The Sirenusas (Le Sirenuse), also known as the Gallos (Li Galli, "the Cocks"), are an archipelago of little islands off the Amalfi Coast of Italy between Isle of Capri and 6 km southwest of Province of Salerno's Positano, to which it is administratively attached.
They are part of the Campanian Archipelago.
The name, Sirenuse, is a reference to the mythological sirens said to have lived there.

== Extent ==
The archipelago consists of three main islands:
- Il Gallo Lungo, which takes the form of a dolphin
- La Castelluccia, also known as Gallo dei Briganti
- the nearly circular La Rotonda

Smaller islets include, nearer the shore, Isca and, midway between the main islands and Isca, a prominent rocky outcropping that juts above the water, Vetara.

== Mythology ==
Several sirens were said to have inhabited the islands, the most famous of whom were Parthenope, Leucosia, and Ligeia. One of them played the lyre, another sang, and another played the flute. They are mentioned in the 1st century BC by Strabo, the Greek Geographer and by Straton of Sardis in 120 AD. In ancient stories, the sirens were depicted as having bodies of a bird and human heads, but the medieval interpretations of the stories depicted them as mermaids.

The terms Sirenai and Sirenusai, from the Latin Sirenusae, meaning indicate both the sirens themselves and their residence.
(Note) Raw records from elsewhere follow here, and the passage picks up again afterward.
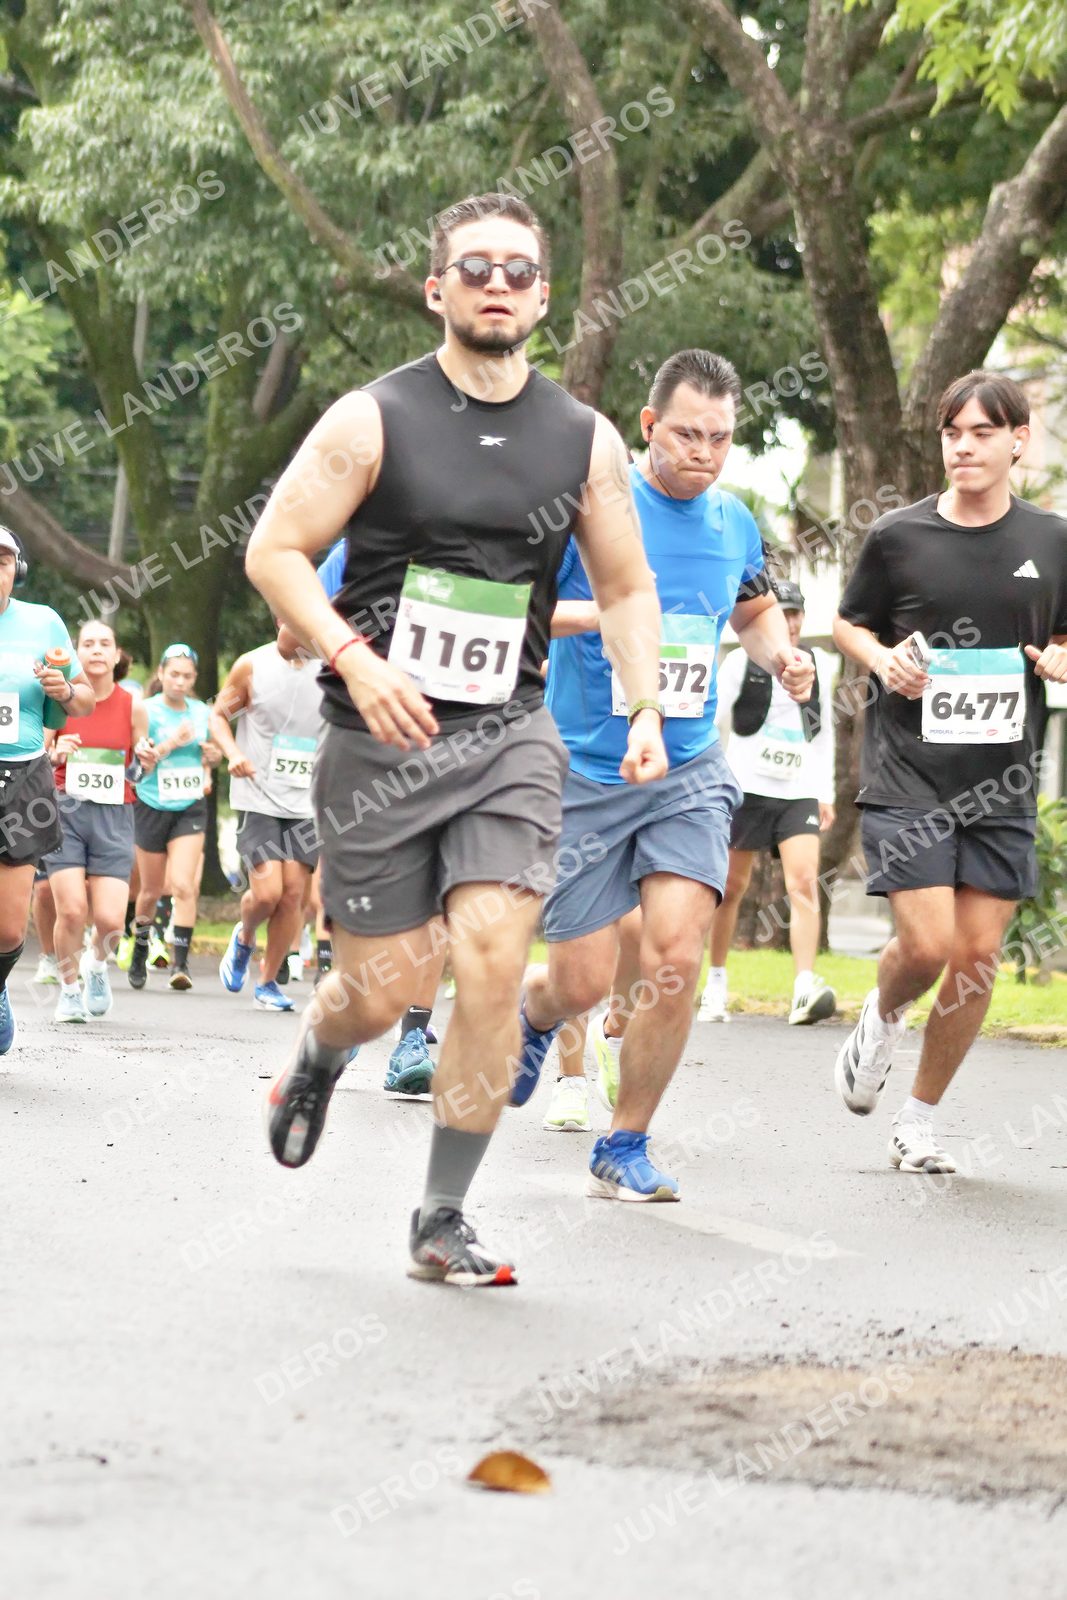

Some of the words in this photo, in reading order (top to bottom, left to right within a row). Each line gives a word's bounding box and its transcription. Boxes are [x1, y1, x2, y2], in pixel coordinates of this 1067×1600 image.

[408, 623, 510, 676] 1161
[930, 691, 1020, 721] 6477
[760, 747, 802, 768] 4670
[77, 773, 114, 789] 930
[162, 776, 201, 790] 5169
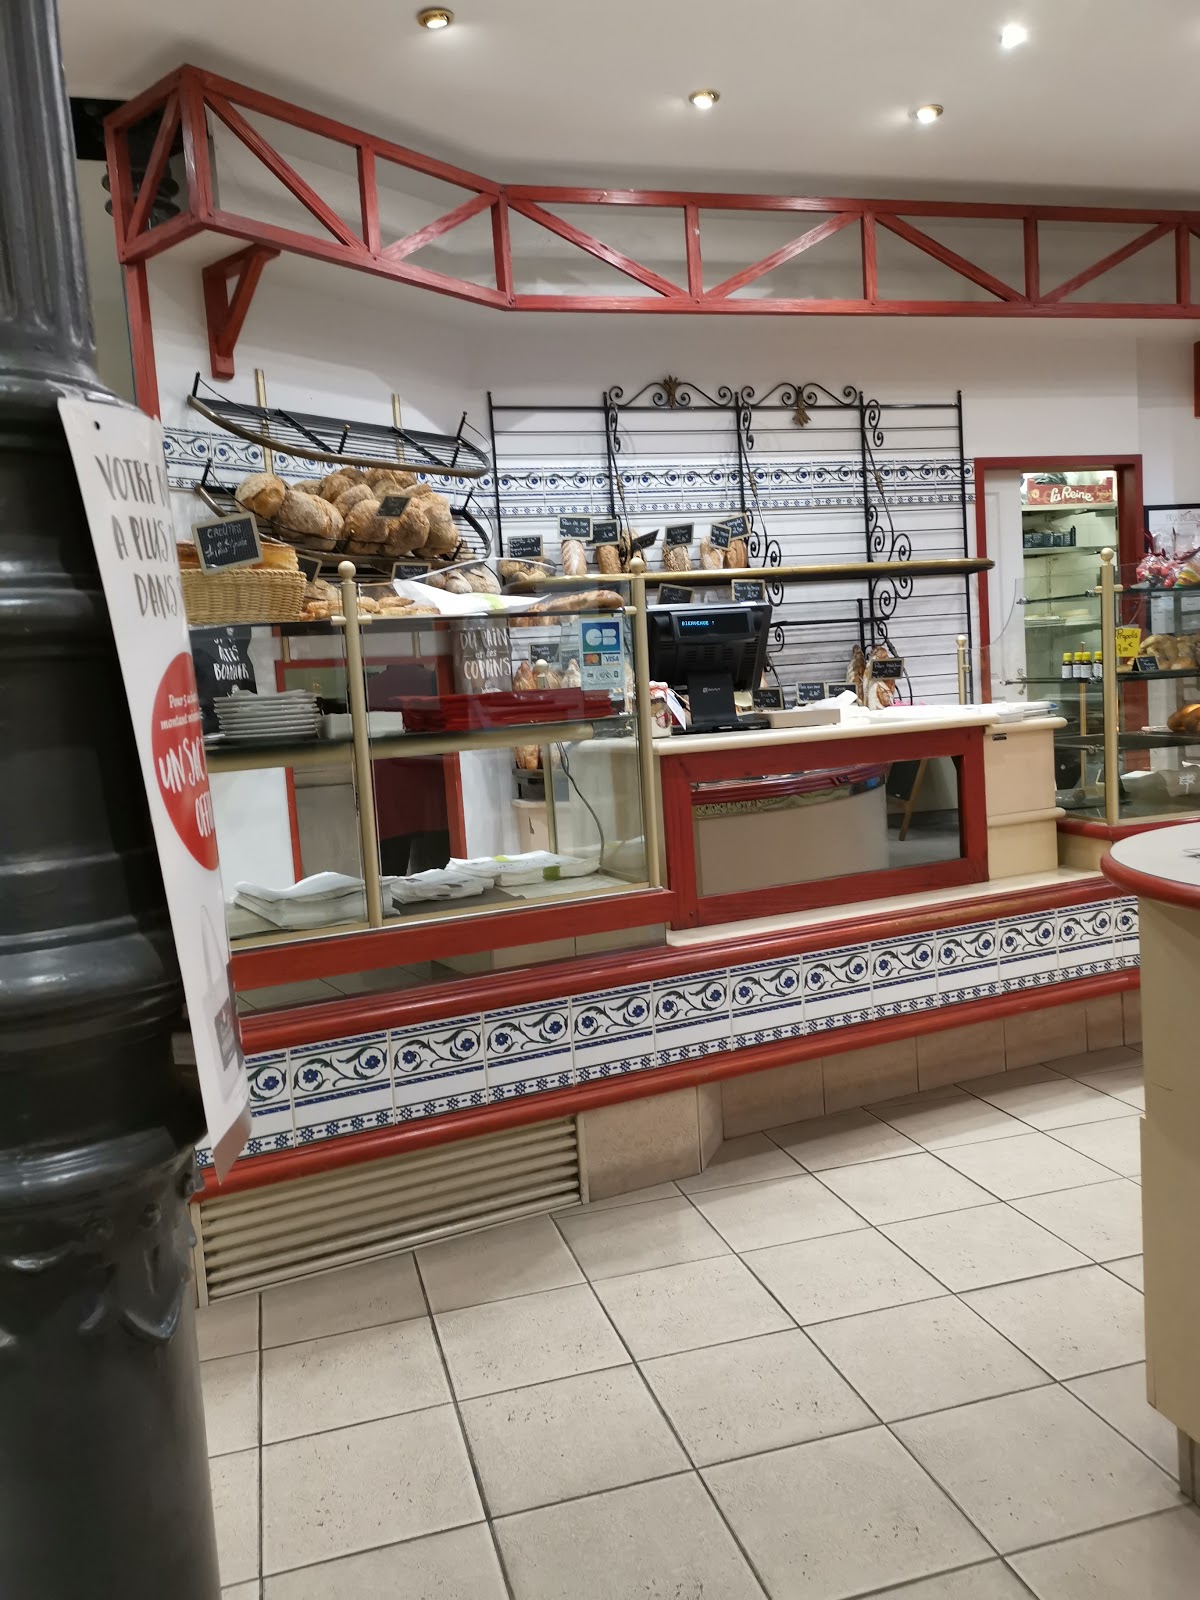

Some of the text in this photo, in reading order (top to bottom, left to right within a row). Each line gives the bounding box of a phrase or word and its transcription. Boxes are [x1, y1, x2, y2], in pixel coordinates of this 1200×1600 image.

The modern name, I Galli or The Cocks, references the bird-like form of the ancient sirens.

==History==
Originally the site of an ancient Roman anchorage, in the Middle Ages the islands became medieval fiefdoms of the 13th-century Emperor Frederick II and the Capetian House of Anjou.

===Isca===
The Neapolitan playwright Eduardo De Filippo purchased this island, which was later owned by his son Luca De Filippo.

Isca has a villa and garden on the side facing the cliff (and, thus, not visible if sailing behind the island).
The island was described by the playwright’s wife, Isabella, in a book entitled, In mezzo al mare un'isola c'è... ("There is an island in the sea…").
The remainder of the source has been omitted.